Shrew-ing it up in the 1950s

THE TAMING OF THE SHREWThe Taming of the Shrew has been a paradox of late.  

   Despite harsh feminist critiques over the past 40 years (in fact there are many who feel the play is so deeply misogynistic that Kate and Petruchio should be banished from the stage for good), Shrew remains one of Shakespeare’s most popular comedies. How can this be? Artistic Director Kent Thompson, who is directing the play this season, views the play not as merciless gender warfare but as a battle of equals, “the kind of fight between two people who are outside the norms of conventional society…Two people with larger than life personalities who fight their way through their romance and end up being in love.”

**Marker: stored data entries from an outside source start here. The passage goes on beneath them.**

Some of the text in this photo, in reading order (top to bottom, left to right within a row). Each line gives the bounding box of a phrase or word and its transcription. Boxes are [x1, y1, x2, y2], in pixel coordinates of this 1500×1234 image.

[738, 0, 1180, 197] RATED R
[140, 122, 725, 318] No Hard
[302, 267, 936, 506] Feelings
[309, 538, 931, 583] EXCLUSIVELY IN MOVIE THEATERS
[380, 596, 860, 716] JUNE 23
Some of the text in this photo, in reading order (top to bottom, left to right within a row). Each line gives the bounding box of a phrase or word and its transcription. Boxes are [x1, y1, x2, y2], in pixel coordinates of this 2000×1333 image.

   To stage his reading of the play, Thompson sought out a period when roles were well defined and rather inflexible. He landed on the 1950s, a time of conventional role models for men and women—women could keep house while men brought home the bacon. Katherina is too strong-willed and intelligent to comfortably fit into a housewife’s apron, and Petruchio is too wild to settle for a gray-flannelled businessman’s life. So in this version, Petruchio is a cowboy from Texas, while Katherina (or Kate) is a fiery Italian-American who works in her father’s restaurant in Chicago.

   The play takes place in an imagined America with U.S. place names changed to the Italian cities of Shakespeare’s text. Scenic designer David Barber has dreamed up a large map of the country that will hover over the set, lighting up to show the travels of the various characters. The main playing area rests on a 22-foot-diameter revolve to keep the story’s many scenes flowing smoothly. To the left and right of the set, billboards set the period by displaying iconographic 50s’ advertising art. Watch for this: as “a little extra added kick” and to lighten the mood, Barber is sneaking clever Shakespearean references into each of the signs.

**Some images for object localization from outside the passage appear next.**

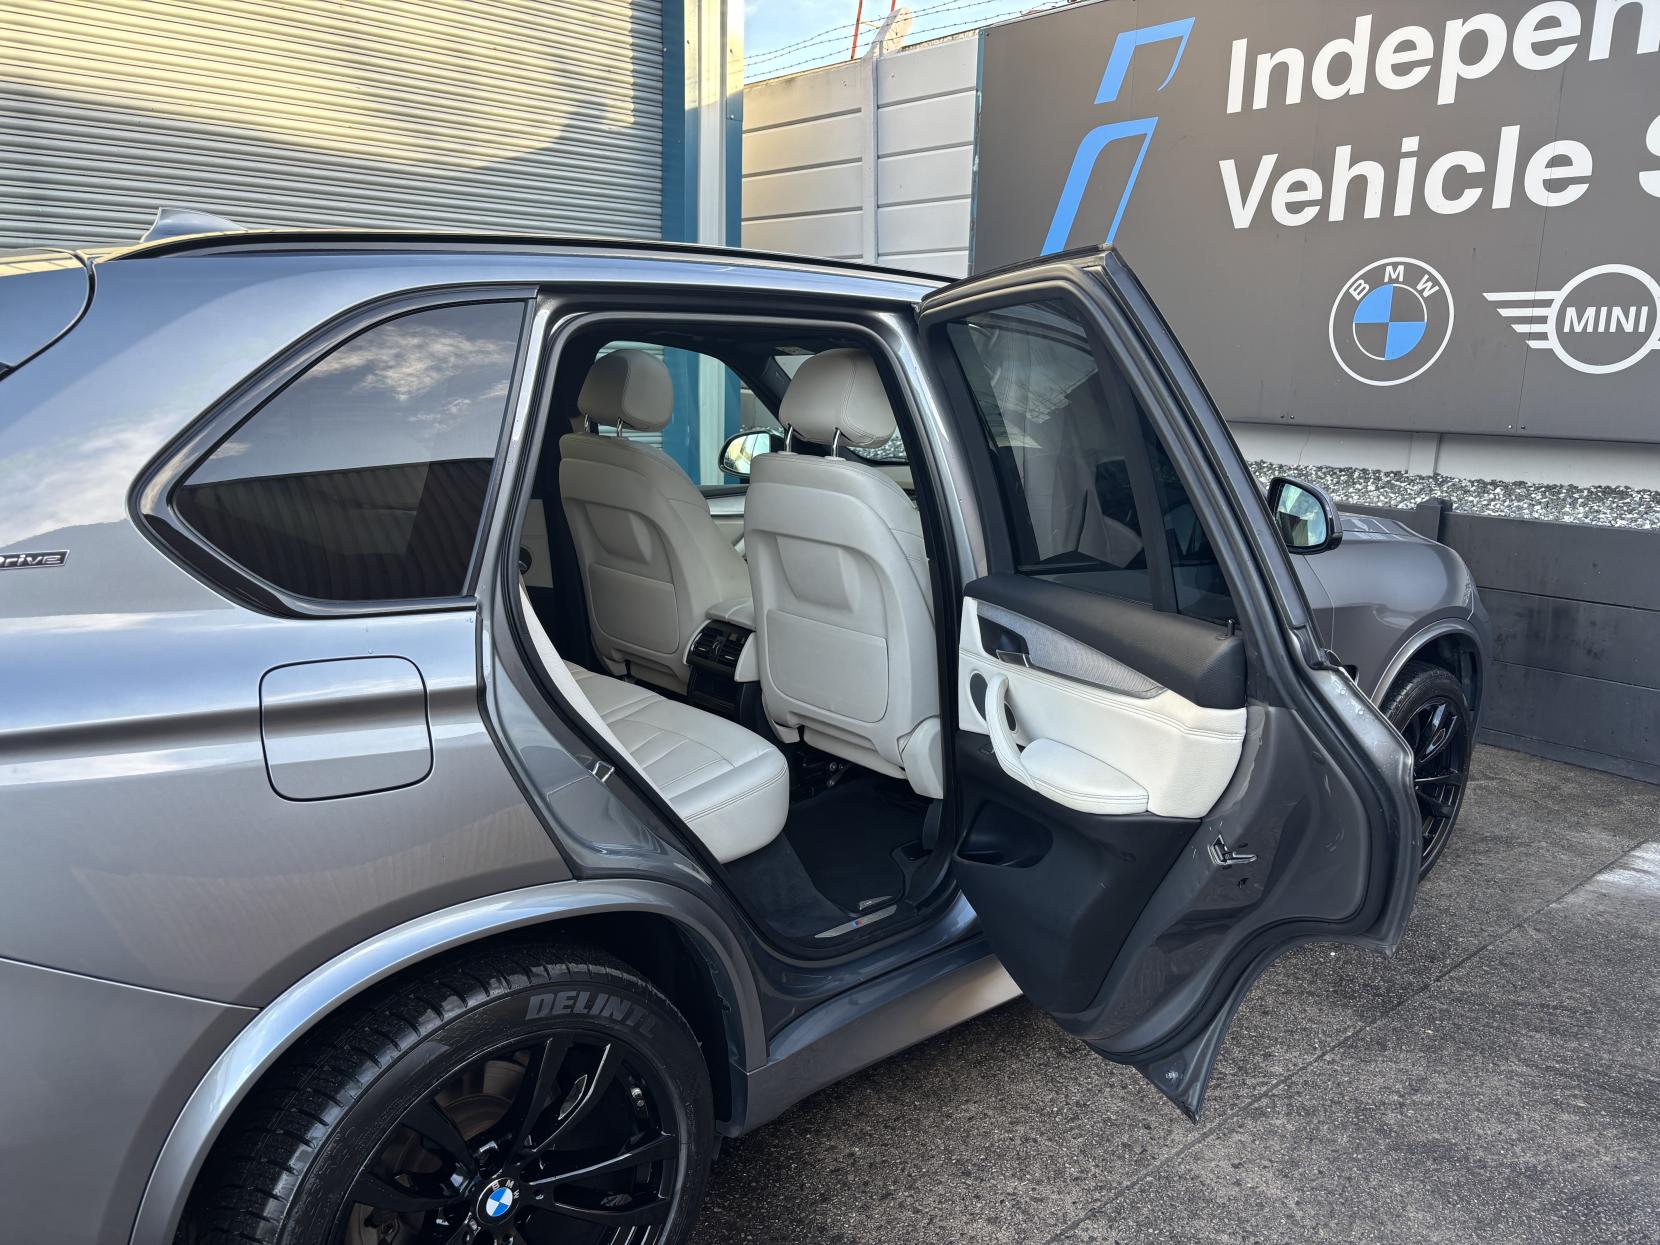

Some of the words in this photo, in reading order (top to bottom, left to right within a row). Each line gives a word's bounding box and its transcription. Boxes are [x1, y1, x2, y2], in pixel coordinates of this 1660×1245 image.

[1226, 0, 1660, 114] Indepen
[1218, 124, 1594, 229] Vehicle
[1348, 264, 1440, 301] BMW
[1562, 305, 1649, 334] MINI
[491, 1179, 520, 1199] BMW

   Speaking of scene changes, composer Gregg Coffin will be composing brief songs based on Shakespearean text set to 50s-style music. This is the great period for Italian-American singers: Perry Como, Frank Sinatra, Dean Martin and Tony Bennett to name only a few, so he’s got plenty to work with. And expect some country western sounds to accompany Petruchio’s visits to his ranch deep in the heart of Texas. Coffin is also going to have a bit of fun “Elvis-ing up” the scene in which Lucentio, disguised as a music teacher, gives Bianca a lesson.

   Costume designer Susan Branch describes the costumes as having a heightened reality: “There are certain icons, like Elvis, that are being referenced. We’ve created the iconic gangster from New Jersey and the iconic cowboy from Texas.” She admits it’s difficult when clothing is described in the play, such as Petruchio’s wedding outfit, and you are setting it in a different period. “How do you take the clothing of the period you’re dealing with and still make the descriptions work?” she asks. “It’s fun to figure that out.” 

   While Bianca will be dressed as a bobby-soxer (“more frivolous, lightweight, a girly-girl”), headstrong Kate will be much more no-nonsense. She will be introduced working in her father’s restaurant, dressed in functional slacks and flat shoes. Her clothing tells a story of its own—her wedding dress getting soiled on the trip home with Petruchio, the improvised outfit his ranch hands rustle up for her, and finally the beautiful dress that the tailor made for her (the one Petruchio destroyed in front of her eyes).

   Although many of us remember the 50s in black and white, Thompson wants this to be a Technicolor production, which really works for Tom Sturge, the lighting designer: “The play is definitely set in the summer, so that lends itself to the hot stickiness of Chicago and the lush, bright sunlight in Texas. Sturge also feels the use of bright color lends itself to comedy: “The Taming of the Shrew is a comedy, and if it takes itself too seriously it will die a quick and sudden death.”

   That may have been the problem with the last production of the play he worked on which featured cross-gender casting. “That,” Sturge admits, “was a pretty big mistake.”

   For Thompson, Shakespeare’s characters are inherently bold and colorful: “All the characters come right out of Commedia dell’Arte. Gremio, the old Pantalone pursuing the young woman; Lucentio, the handsome young man whose father won’t let him marry; Bianca as the female version of that; and Kate as the shrew.”

   At the end of the day, where does Thompson come down on the question of Petruchio’s (mis)treatment of Kate?

   “I don’t think that what Petruchio does to Kate is cruel, but he gets close to being not very nice. I think audiences will see the progression of their love, because I think that, even in a play based on Commedia, Shakespeare has planted clues to show that she starts to understand his game.”

   In the final, most controversial speech of the play, Kate’s vow of love and possible submission, Thompson believes she’s promising “…what she’s willing to do for him more than making a statement that she’s capitulated completely as a human being, because I don’t think she has.”